• [ACTION ITEM]: Restate the following data in its entirety, word for word and without images.

• [RECORD EXTRACTS]:
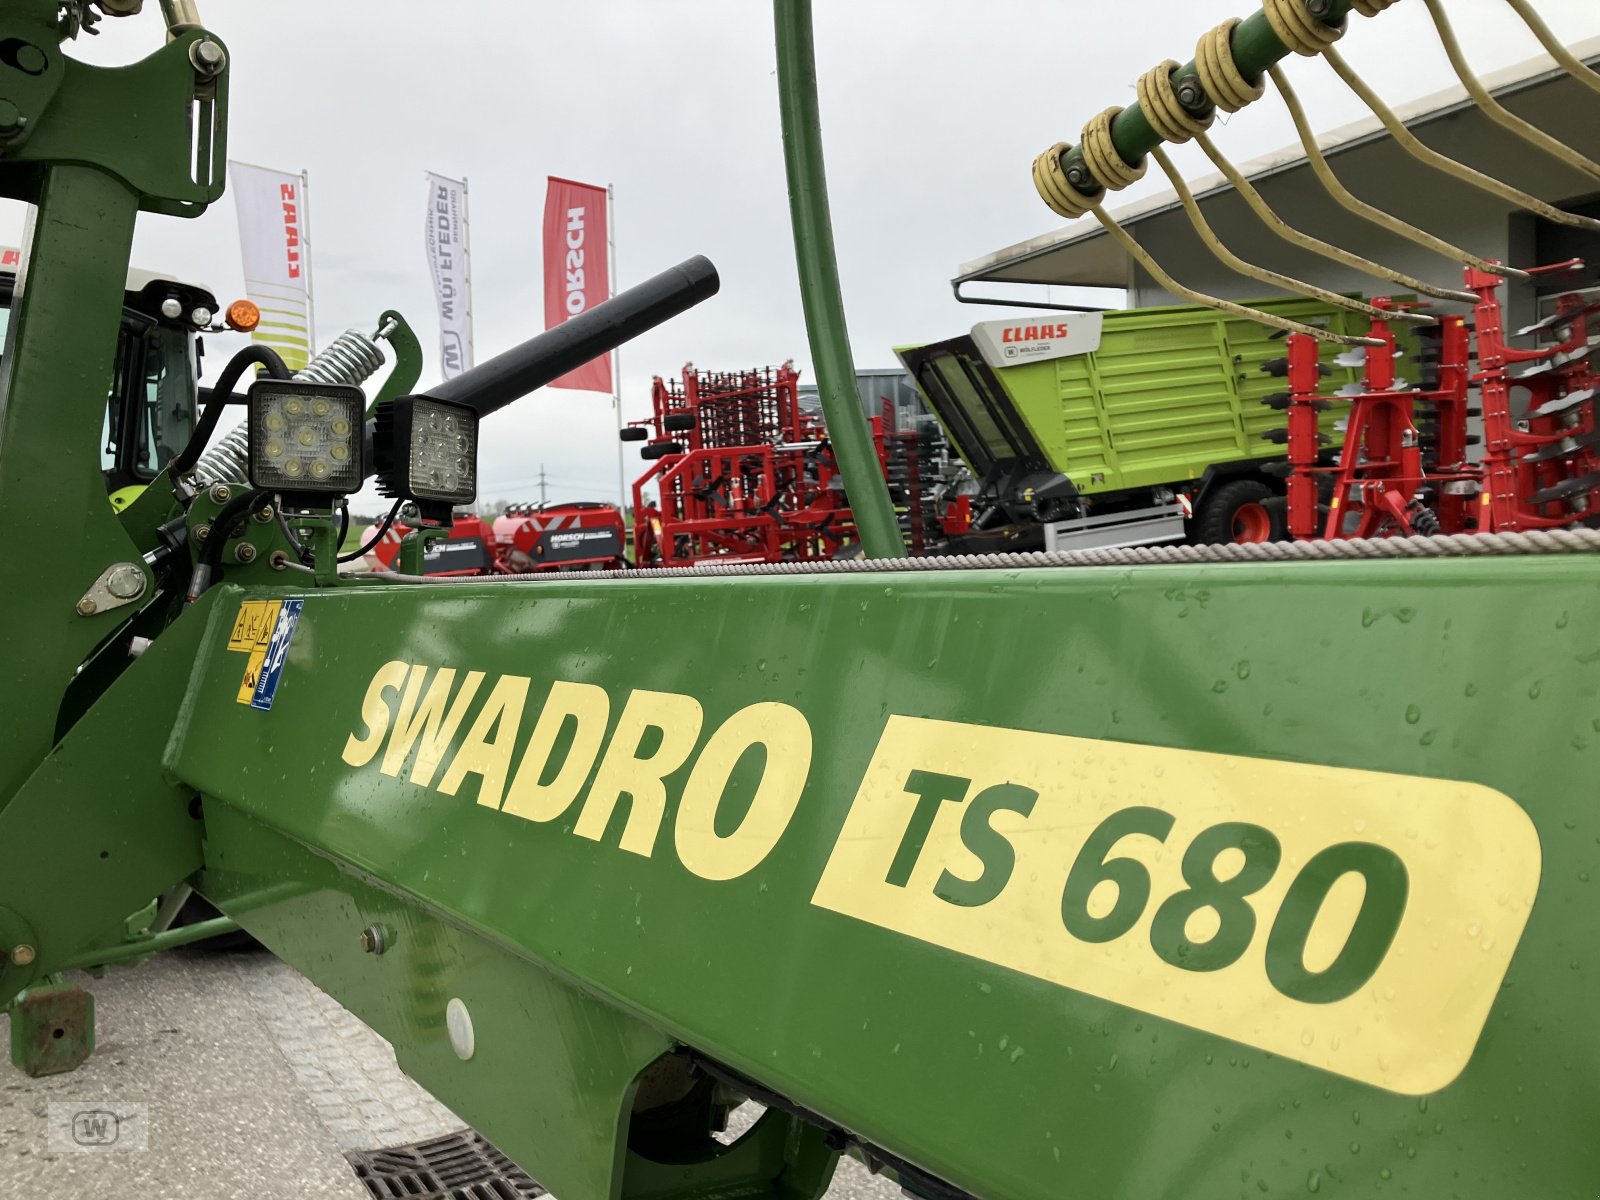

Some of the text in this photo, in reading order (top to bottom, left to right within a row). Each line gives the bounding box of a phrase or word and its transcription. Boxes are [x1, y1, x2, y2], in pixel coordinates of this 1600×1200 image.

[1002, 323, 1068, 343] CLAAS
[550, 532, 585, 542] HORSCH
[341, 660, 812, 881] SWADRO
[885, 769, 1409, 1004] TS 680
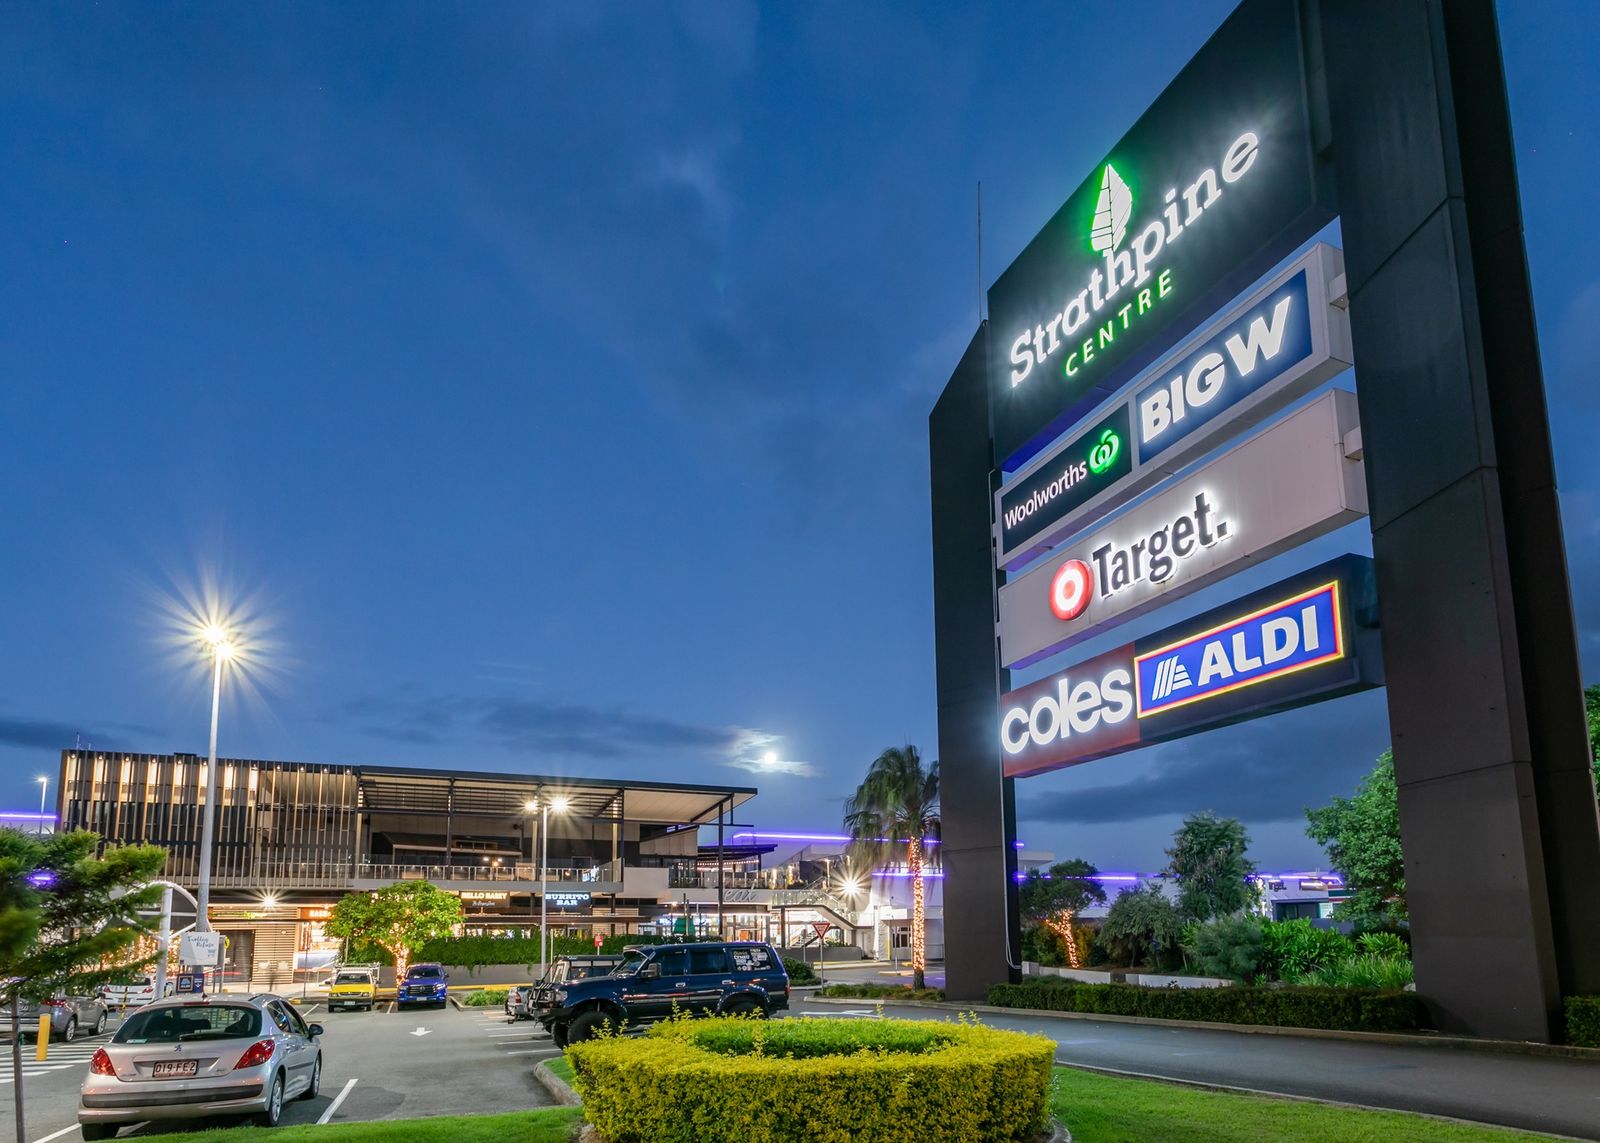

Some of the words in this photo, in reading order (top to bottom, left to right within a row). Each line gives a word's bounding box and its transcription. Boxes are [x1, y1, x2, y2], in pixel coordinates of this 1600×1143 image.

[1010, 132, 1259, 388] Strathpine
[1065, 269, 1173, 377] CENTRE
[1004, 459, 1088, 530] Woolworths
[1197, 604, 1320, 687] ALDI
[1001, 668, 1134, 755] coles
[461, 892, 485, 900] HELLO
[723, 878, 757, 901] eat

• [OUTPUT OF THE TASK]:
Some of the text in this photo, in reading order (top to bottom, left to right within a row). Each line gives the bounding box of a phrase or word and its transcription. Boxes are [x1, y1, x2, y2], in pixel coordinates of this 1600×1200 image.

[1002, 323, 1068, 343] CLAAS
[550, 532, 585, 542] HORSCH
[341, 660, 812, 881] SWADRO
[885, 769, 1409, 1004] TS 680

Some of the words in this photo, in reading order (top to bottom, left to right within a row). Each line gives a word's bounding box and its transcription. Boxes are [x1, y1, x2, y2], in pixel coordinates of this 1600×1143 image.

[1010, 132, 1259, 388] Strathpine
[1065, 269, 1173, 377] CENTRE
[1004, 459, 1088, 530] Woolworths
[1197, 604, 1320, 687] ALDI
[1001, 668, 1134, 755] coles
[461, 892, 485, 900] HELLO
[723, 878, 757, 901] eat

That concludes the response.